By Daniel Fleishman
Oct. 31 – On October 19, India’s first Starbucks coffeehouse opened in downtown Mumbai, making the world’s second most-populous state the 61st country to play host to the U.S.-based coffee giant. Within days of the first opening, two more branches popped up, one of them inside the world-famous Taj Mahal Palace Hotel.
While certainly not the first foreign-owned coffee outlet to set up shop in India, Starbucks’ entry into the market signals a landmark demographic, cultural, and socioeconomic shift in Indian society.
India, which has been developing rapidly since the initiation of a string of IMF-encouraged market reforms in 1991, now boasts a 250 million-strong middle class with increasingly significant purchasing capabilities. However, while the hour-long cues at the newly opened coffee outlets are certainly indicators of wage growth, they also point to a newfound brand-lust.
It is not that Starbucks is necessarily of higher quality or even much more expensive than already-established international chains such as the UK’s Costa Coffee and the U.S.-based Coffee Bean & Tea Leaf. Their fatal flaw is simply that they are not Starbucks; the same way Wendy’s is not McDonald’s.
“We’ve seen [Starbucks] in films and on TV,” said Ritika Nurthy, a 23-year-old software engineer waiting in line to get her first-ever cup of Starbucks coffee. She found out about Starbucks after watching the 2006 film “The Devil Wears Prada,” in which the classy Miranda Priestly (played by Meryl Streep) enjoys a cup of Starbucks coffee. “You get curious and wonder ‘what is that?’”
Thus, what makes Starbucks’ expansion so significant is that India’s middle class (which has been sizable for years, but known for its financial frugality), is now increasingly willing to pay a premium for premium international brands. In comparison, China’s middle class is roughly the same size as India’s, but has a reputation for frivolous spending; Starbucks opened its first Chinese branch in 1999 and now has over 600 outlets, with plans to increase that number to 1,500 by 2015.
This shift in consumption is supported by Prime Minister Manmohan Singh’s Indian National Congress party, which holds the plurality in India’s coalition government.

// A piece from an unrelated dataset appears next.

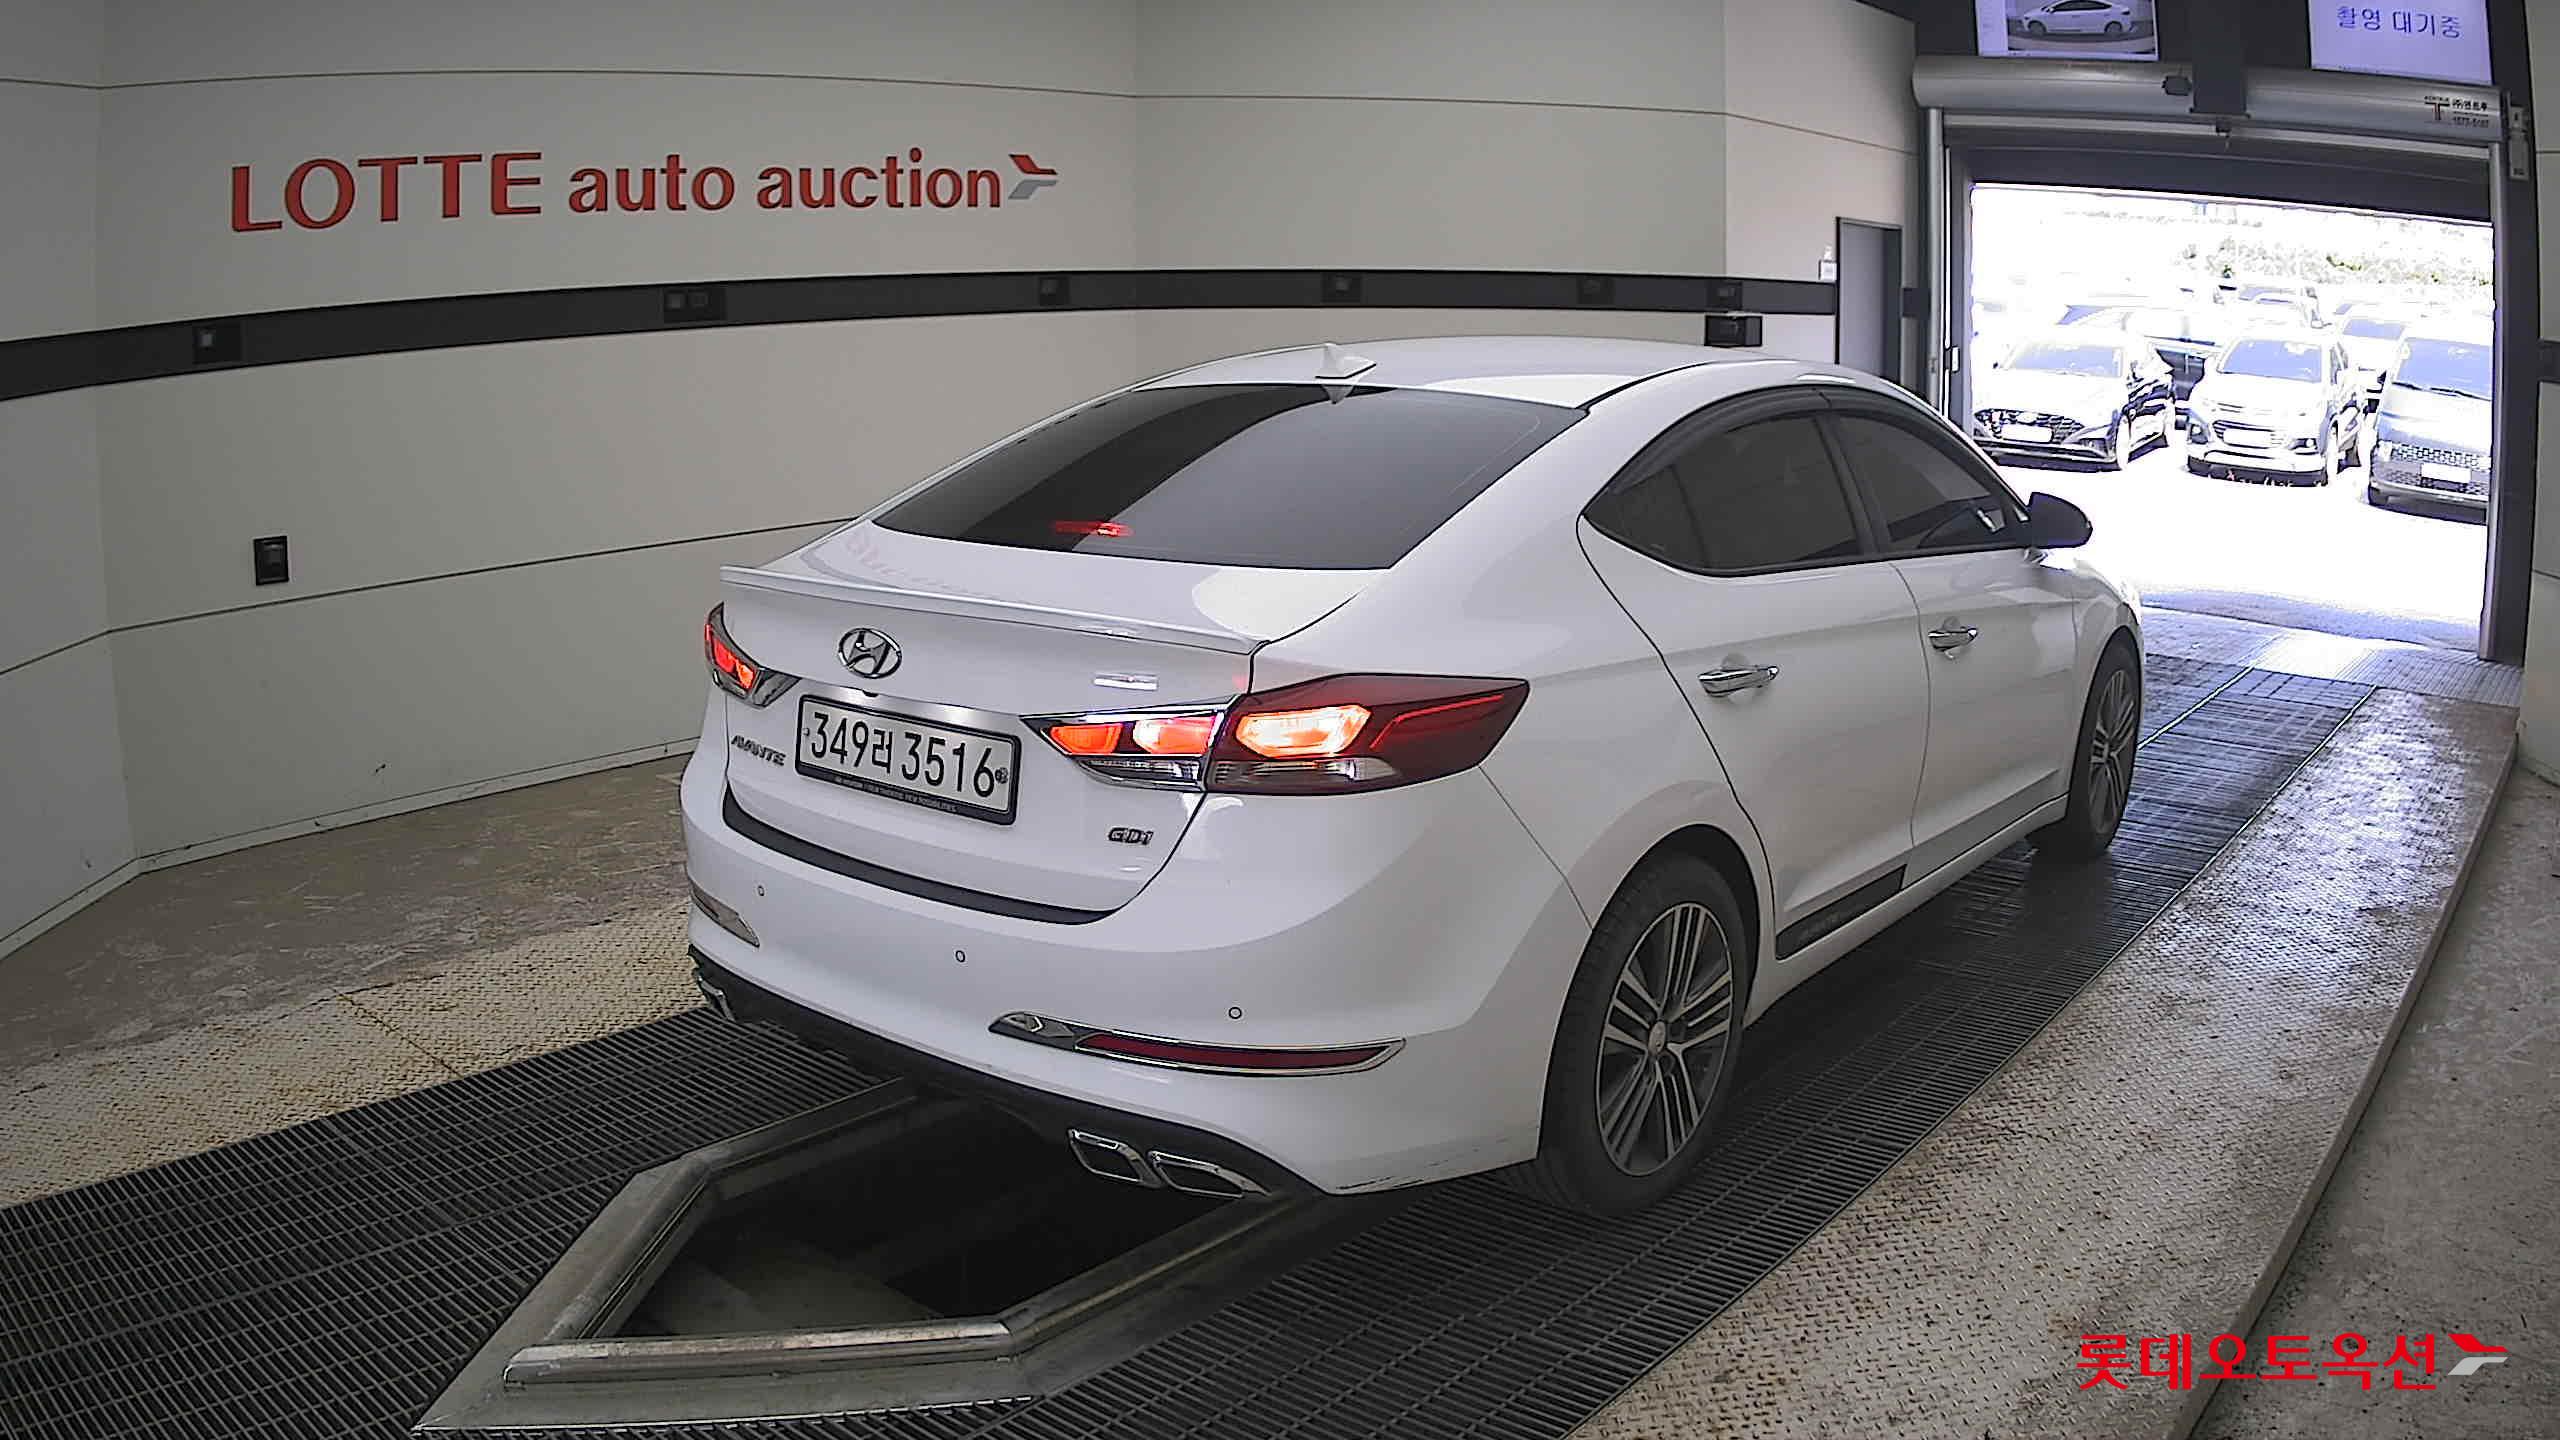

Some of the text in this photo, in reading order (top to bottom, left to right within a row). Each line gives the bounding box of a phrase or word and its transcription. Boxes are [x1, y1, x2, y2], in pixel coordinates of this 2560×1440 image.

Singh, who served as finance minister during India’s first round of economic reforms in 1991, has overseen the further elimination of rules restricting the operations of foreign-owned enterprises on Indian soil.
As of this September, for instance, foreign-owned “single-brand retailers” (such as IKEA), no longer have to enter into joint ventures with Indian companies in order to open outlets in India, and “multi-brand retailers” (such as Walmart) have recently been allowed to enter the market with a 51 percent share of a joint venture with a local partner.
Starbucks signed a US$80 million joint venture agreement with the Indian multinational conglomerate Tata Group before these measures were passed in Parliament. However, these recent measures certainly open the door for further foreign investment into India that can take advantage of and further promote the middle class’ growing brand-consciousness and taste for international quality goods.